The girl in the mirror had run from her home. From her family. From everyone.
Her phone lit up again. An email, this time. USC.
Willow was shaking even harder now as she grabbed the phone and fumbled to unlock it. The email loaded. She could hardly believe her eyes.
She was off the waitlist.
She'd been accepted.
Based on the other acceptance—and rejection—letters she'd gotten so far, this was probably going to be it. USC.
Willow had desperately wanted to leave California, but she'd also known she wasn't going to get in everywhere. USC had already been a reach. MIT was a longshot. Not that she was underqualified, per se. The cold, hard truth was that there were plenty of other equally qualified applicants, and philanthropy had never been Willow's strong suit.
Plus, most of her more impressive accomplishments were...technically illegal. Not exactly suitable for a college application.
She couldn't be too picky about location, if she really wanted to be the best. Better than her father. Better than everyone else in the tech club. Oh, she would have loved to tell Kate and the other tech club members in person that she got into USC—
Willow looked up and shot herself a glare. She had to stop thinking about them. But it was hard not to.
"Come on," she muttered to herself. "You've got the best damn internship in the country." Best paying. Best tech. Sure, she couldn't put the true nature of the job on resumes, but the Director had mentioned a front corporation that she could use to cover her time at Scorpion.

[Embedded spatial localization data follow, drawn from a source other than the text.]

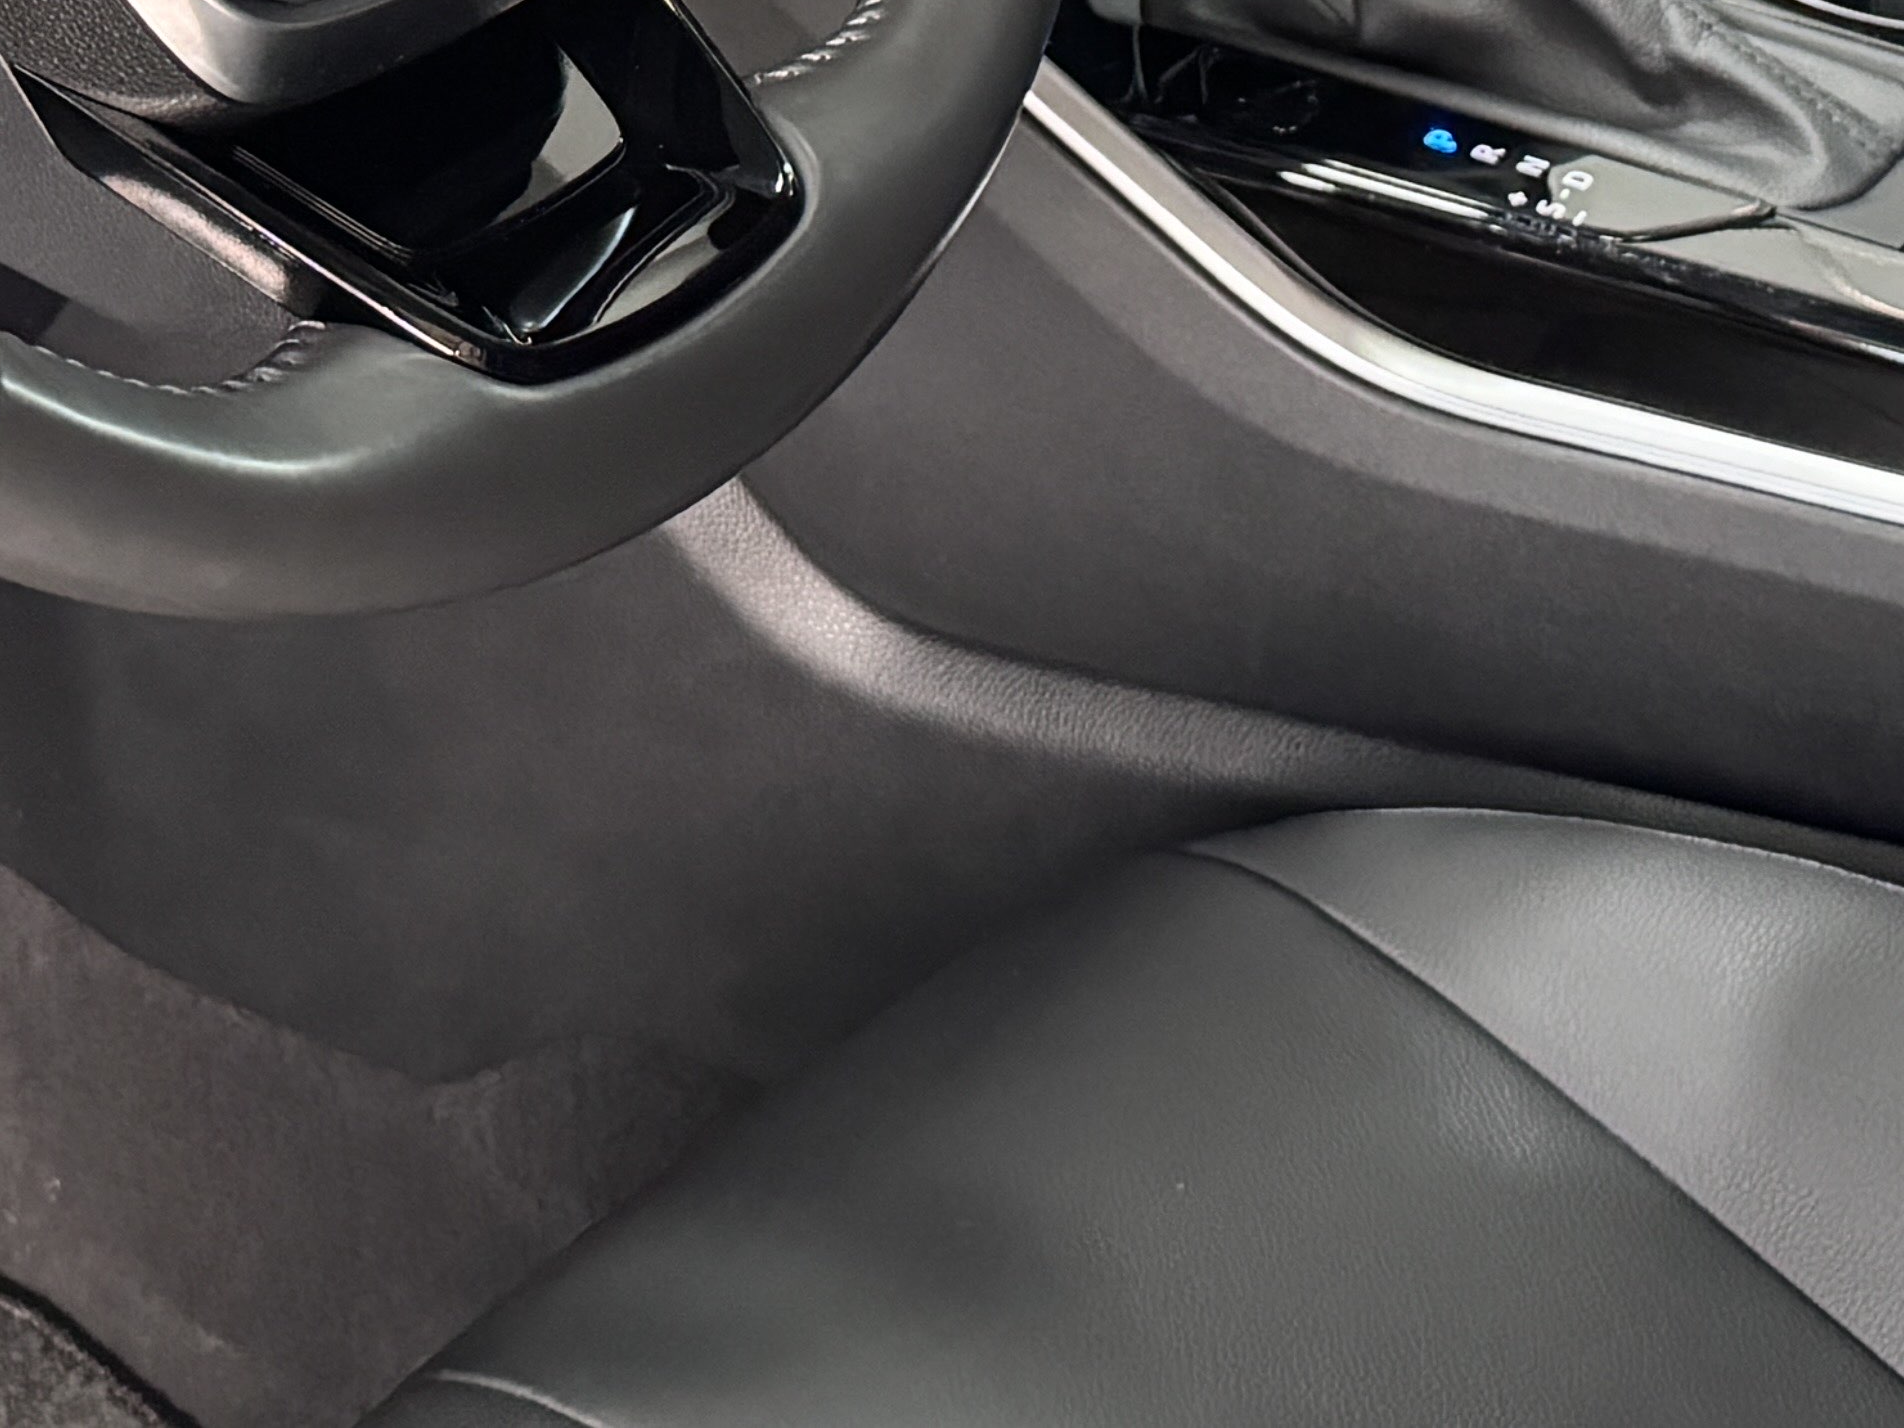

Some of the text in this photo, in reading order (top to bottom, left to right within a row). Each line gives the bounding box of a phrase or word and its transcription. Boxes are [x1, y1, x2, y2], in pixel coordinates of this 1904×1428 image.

[1470, 143, 1506, 166] R
[1515, 154, 1551, 179] N
[1562, 170, 1595, 192] D
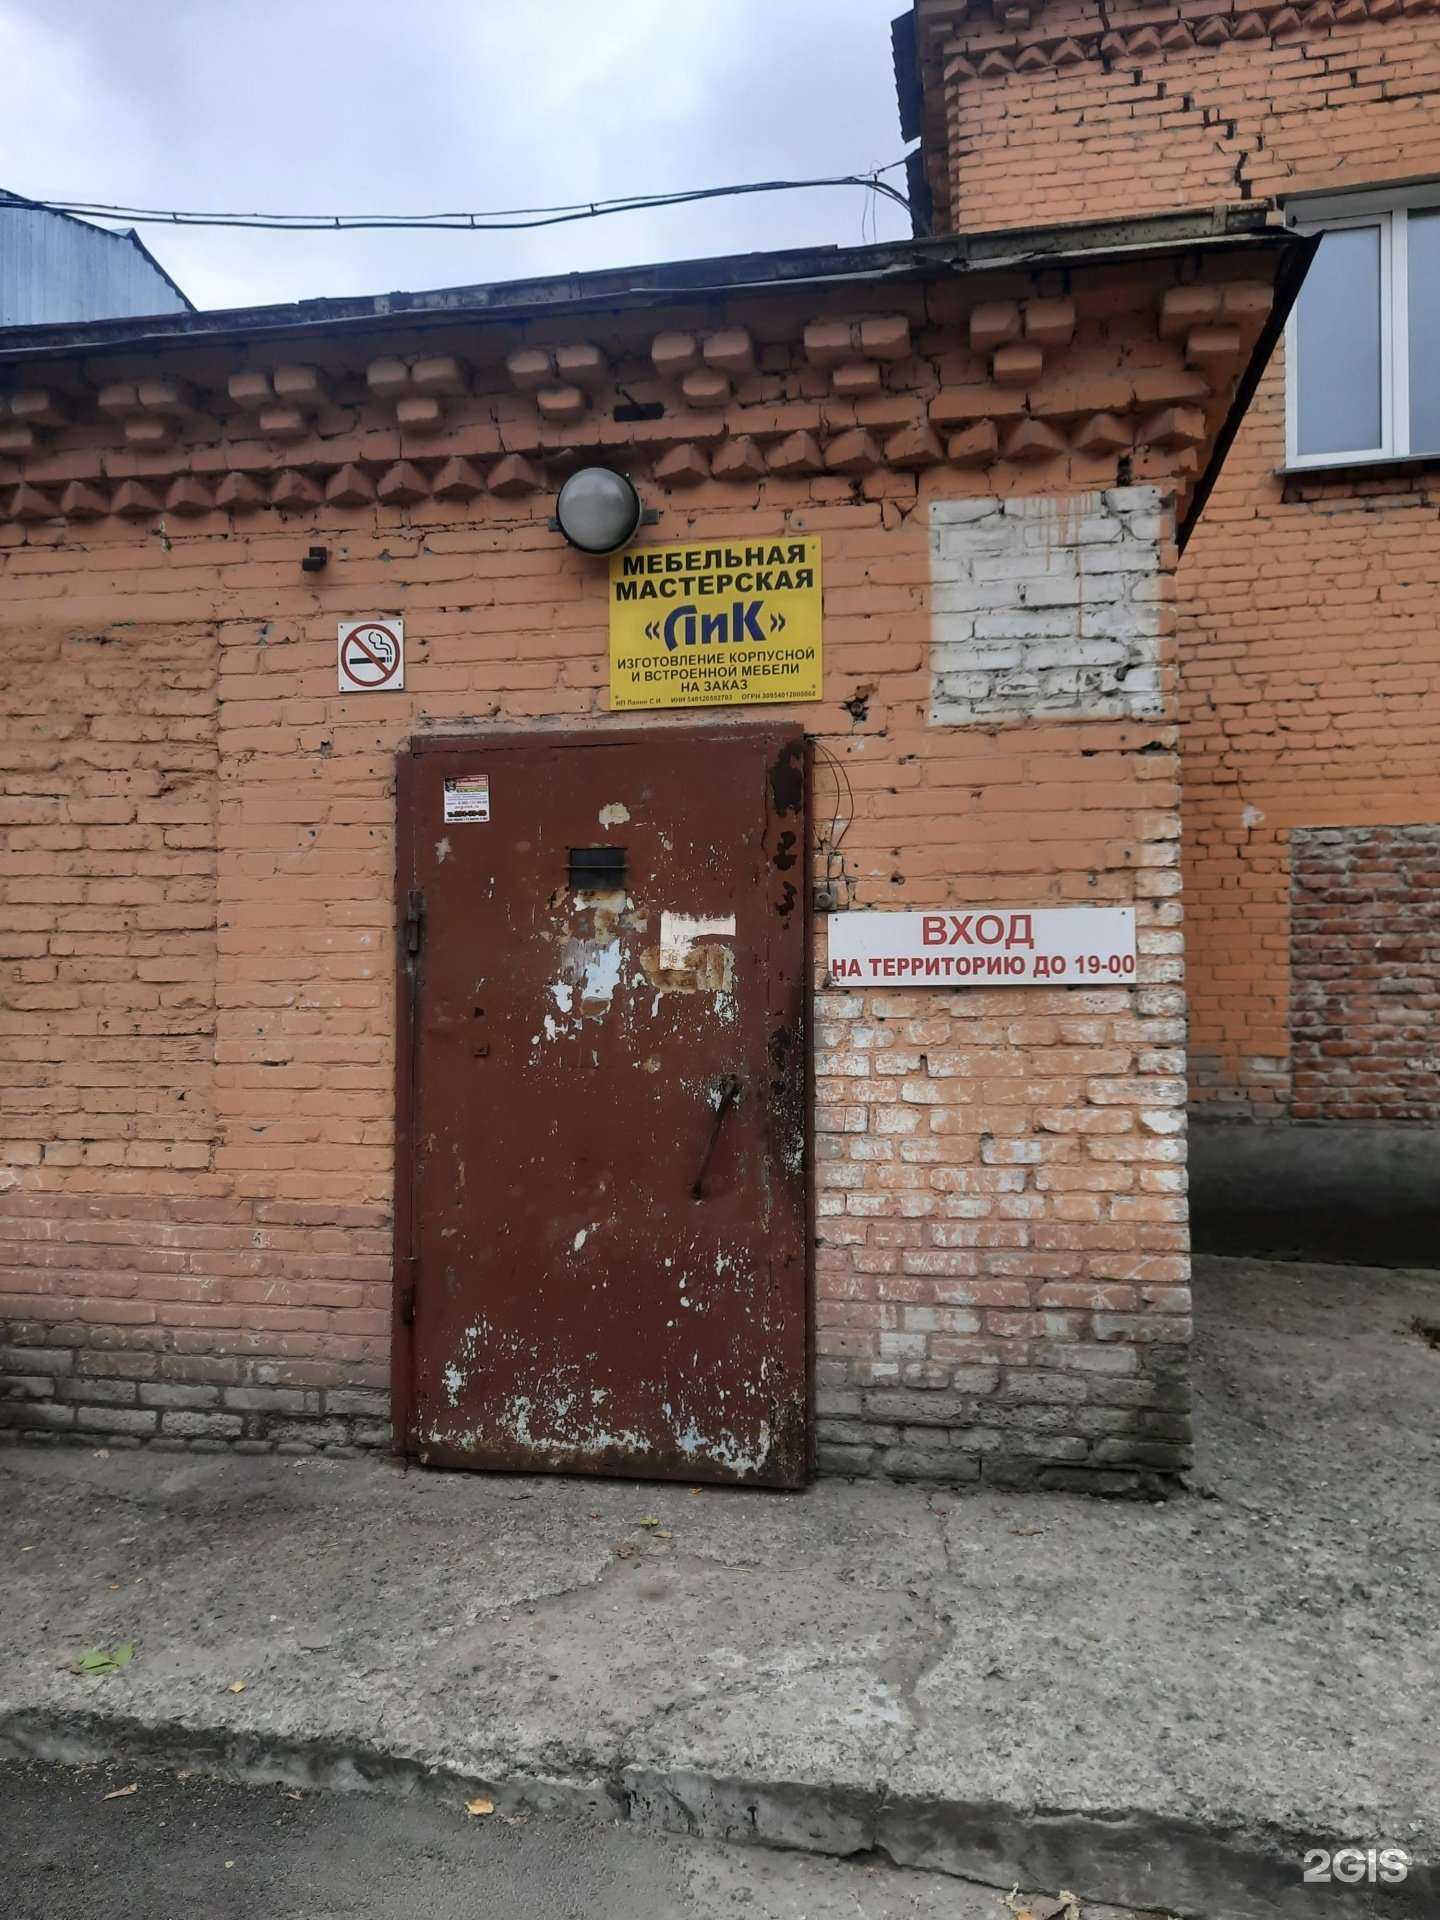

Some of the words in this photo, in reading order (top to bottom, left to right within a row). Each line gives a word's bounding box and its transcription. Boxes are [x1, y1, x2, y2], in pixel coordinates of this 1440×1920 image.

[623, 544, 806, 577] МЕБЕЛЬНАЯ
[616, 568, 814, 601] МАСТЕРСКАЯ
[617, 652, 724, 670] ИЗГОТОВЛЕНИЕ
[729, 647, 815, 663] КОРПУСНОЙ
[631, 672, 640, 682] И
[644, 667, 737, 682] ВСТРОЕННОЙ
[741, 663, 800, 677] МЕБЕЛИ
[681, 682, 700, 693] НА
[704, 679, 748, 692] ЗАКАЗ
[922, 914, 1035, 950] ВХОД
[832, 958, 862, 977] НА
[868, 956, 1026, 977] ТЕРРИТОРИЮ
[1032, 955, 1067, 978] ДО
[1075, 954, 1135, 975] 19-00
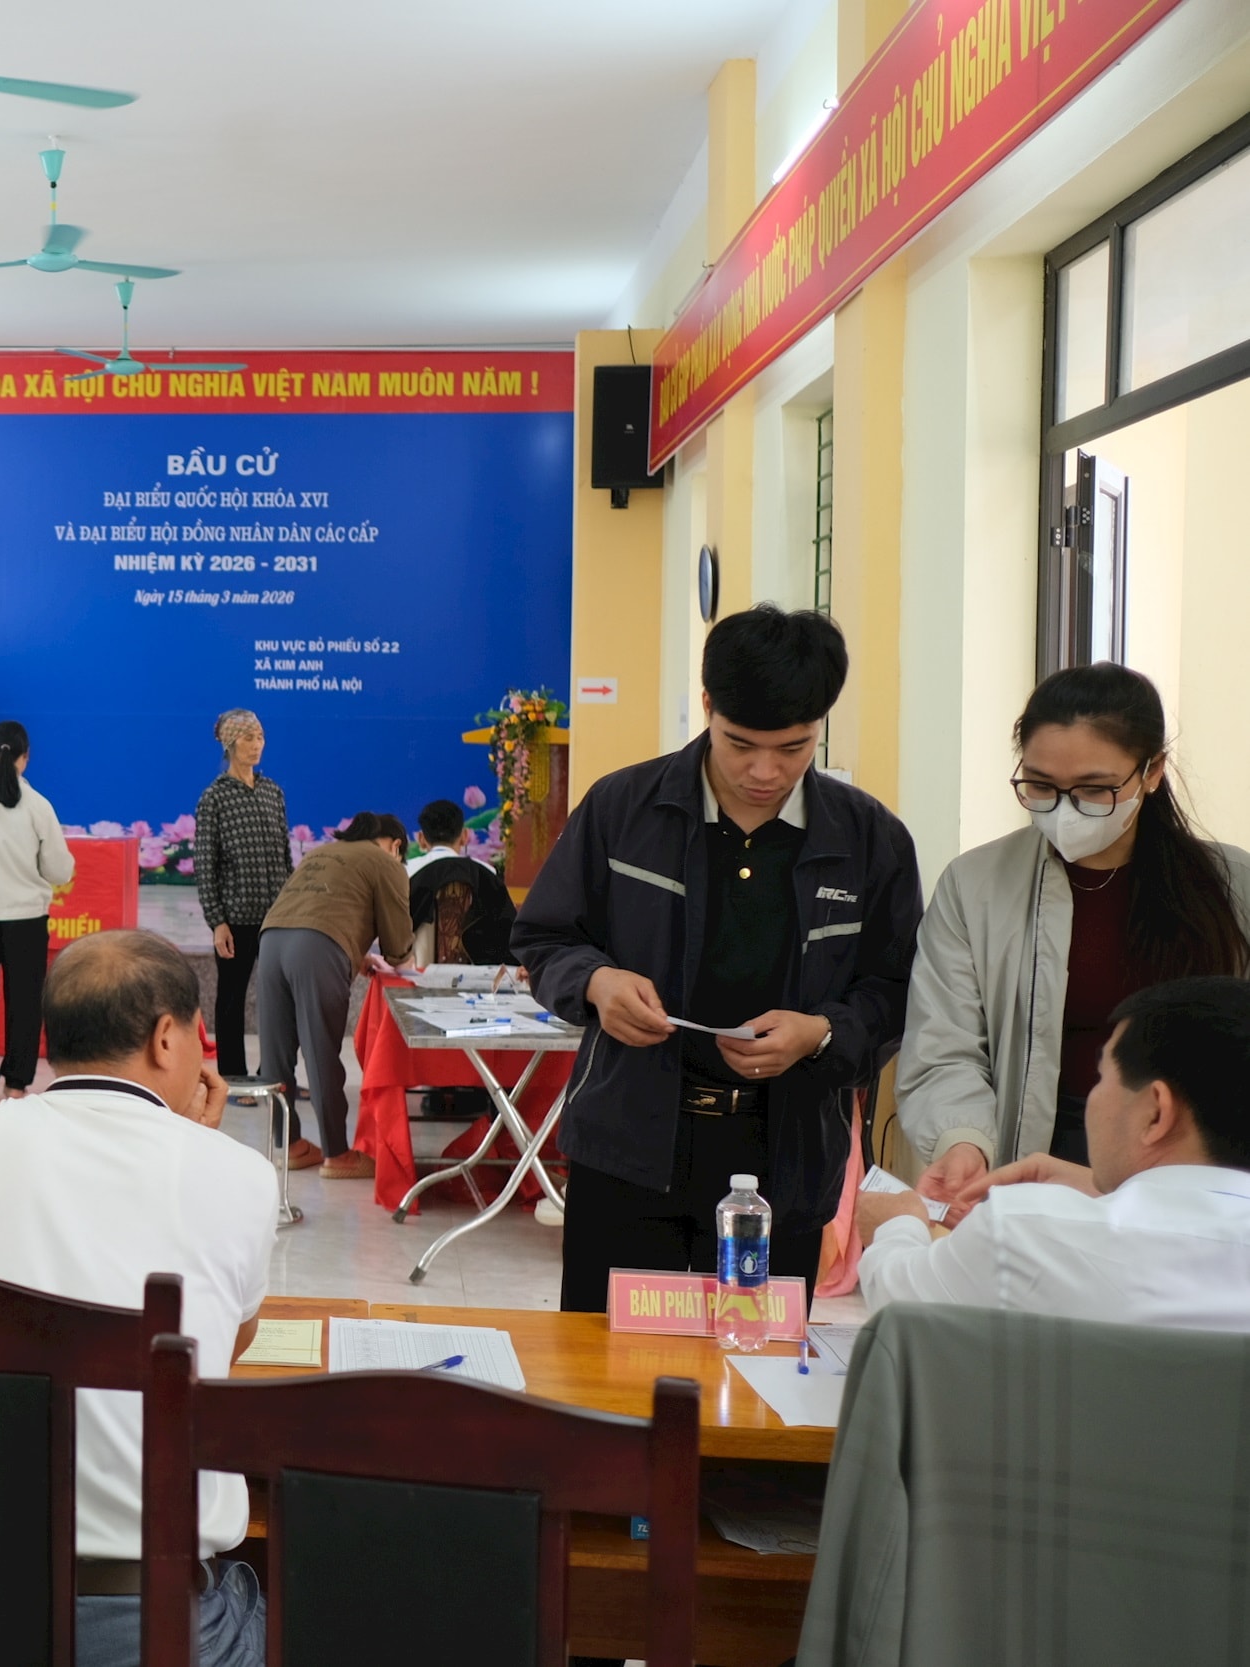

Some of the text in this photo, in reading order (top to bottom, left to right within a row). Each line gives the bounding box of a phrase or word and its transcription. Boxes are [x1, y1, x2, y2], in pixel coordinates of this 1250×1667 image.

Willow's phone buzzed with another text notification.
From Adam.
Damn it, Willow had forgotten he still had her number. She really needed to change it at some point—for a multitude of reasons—but that would have to wait. She unlocked the phone and read Adam's text.
You can change your mind any time.
Willow's grip tightened. She was a heartbeat away from throwing the phone. She sucked in a deep breath and resisted the impulse.
Sometimes she could see it, in her mind's eye. What might have been if she went with the Fortuna Guard. No, she'd spent most of her time around them brimming with annoyance. She didn't actually miss the time they'd spend training at the abandoned mini golf place. She just...thought she did, sometimes, when comparing it to the isolation she felt at Scorpion.
Her time with Scorpion wasn't going to last much longer. She was going to get out. She was going to get better.
Yet, she kept thinking about it. About the Fortuna. About high school. About everyone and everything.
What if Tyche Point hadn't fallen apart? What if Adam had been dumb enough to ask her to the spring dance? Willow nearly laughed out loud at the thought. God, her? Going to a dance? Stupid. She'd hate every moment. Maybe. Would she? Adam made her laugh, sometimes. Maybe, if she were willing to try, it wouldn't be the worst thing.
Or, she'd hate every second she spent with him. She hadn't had enough time to quite figure out how she'd really felt about Adam. At first, she'd just felt bad for him. He'd asked an annoying number of questions about her life. But she'd felt some relief in answering them.
Willow shook her head. She had no idea what had made him take an interest in her, but it wouldn't last. She wasn't the kind of person that made people want to stick around.